--- Exercise inputs Enclosed Below ---

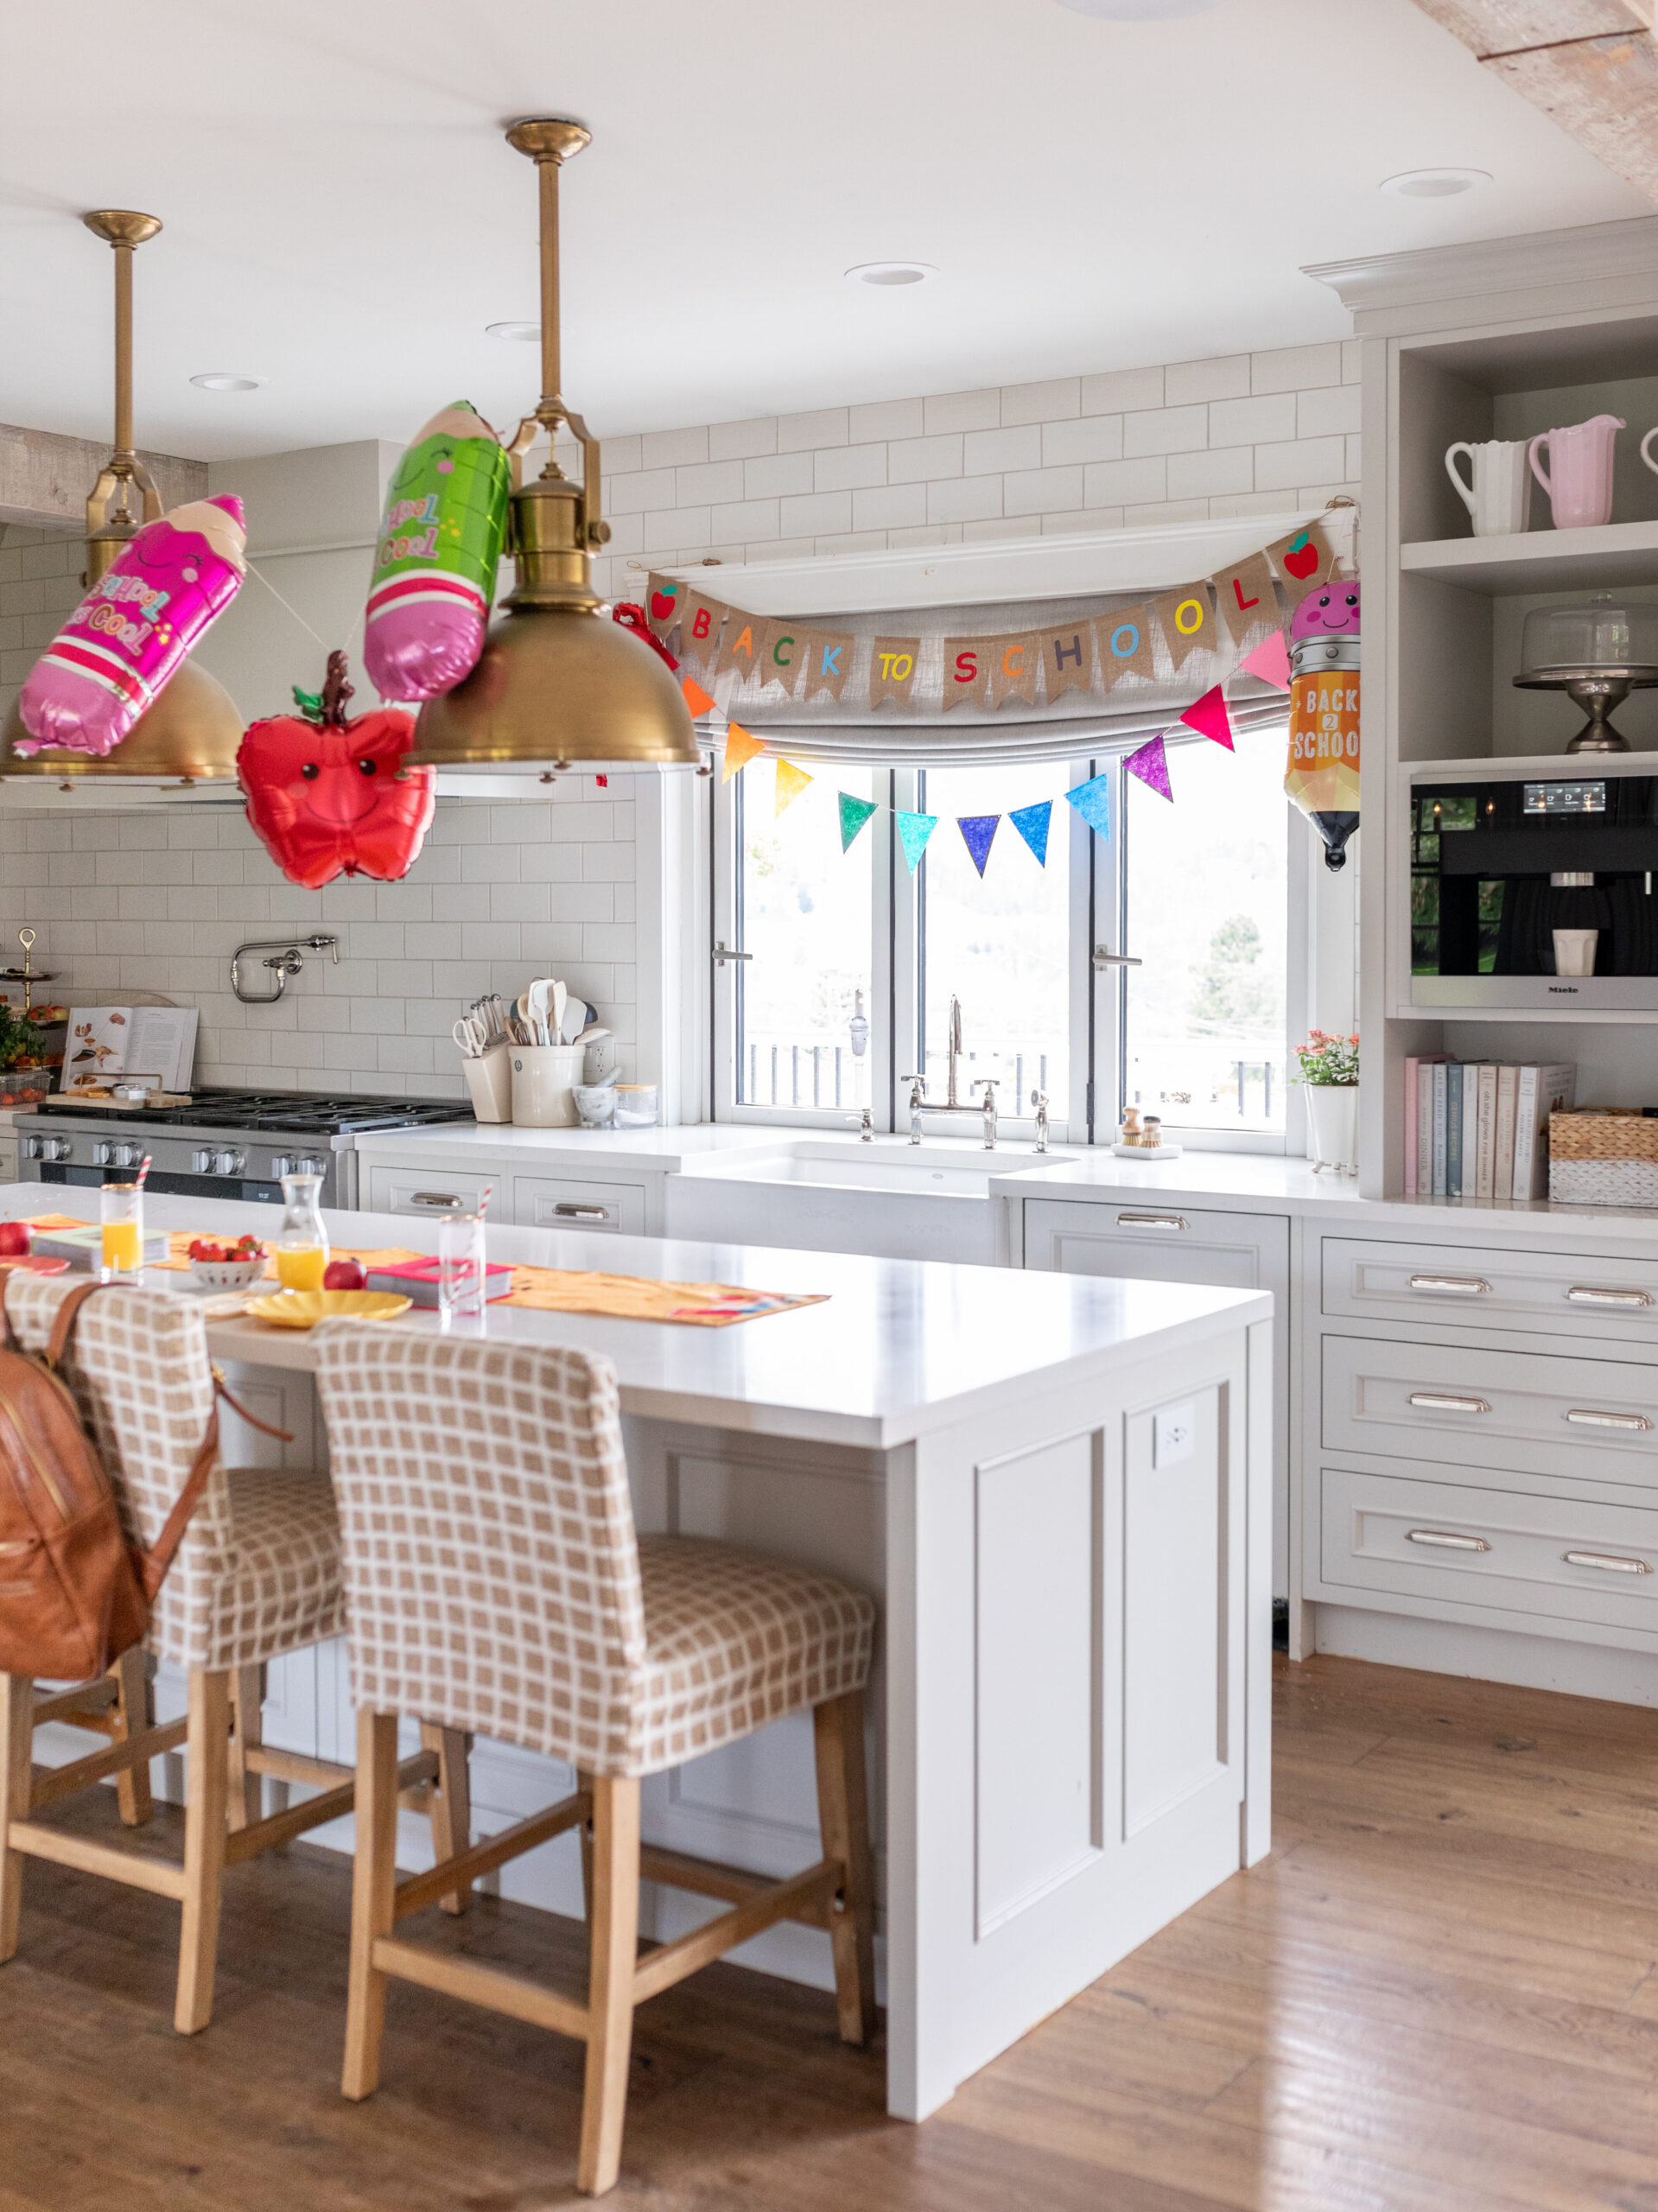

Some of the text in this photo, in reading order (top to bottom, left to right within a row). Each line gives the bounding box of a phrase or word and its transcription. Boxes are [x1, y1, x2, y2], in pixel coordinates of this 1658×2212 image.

[692, 579, 1259, 683] BACK TO SCHOOL
[1306, 689, 1358, 713] BACK
[1324, 715, 1335, 729] 2
[1294, 730, 1360, 759] SCHOO
[1483, 1091, 1491, 1102] oh
[1480, 1117, 1490, 1141] glows

--- End of Enclosed Exercise inputs ---

• What needs to be done: Omit the pictures and print the listing exactly.

• Response below:
Some of the text in this photo, in reading order (top to bottom, left to right within a row). Each line gives the bounding box of a phrase or word and its transcription. Boxes are [x1, y1, x2, y2], in pixel coordinates of this 1658×2212 image.

[692, 579, 1259, 683] BACK TO SCHOOL
[1306, 689, 1358, 713] BACK
[1324, 715, 1335, 729] 2
[1294, 730, 1360, 759] SCHOO
[1483, 1091, 1491, 1102] oh
[1480, 1117, 1490, 1141] glows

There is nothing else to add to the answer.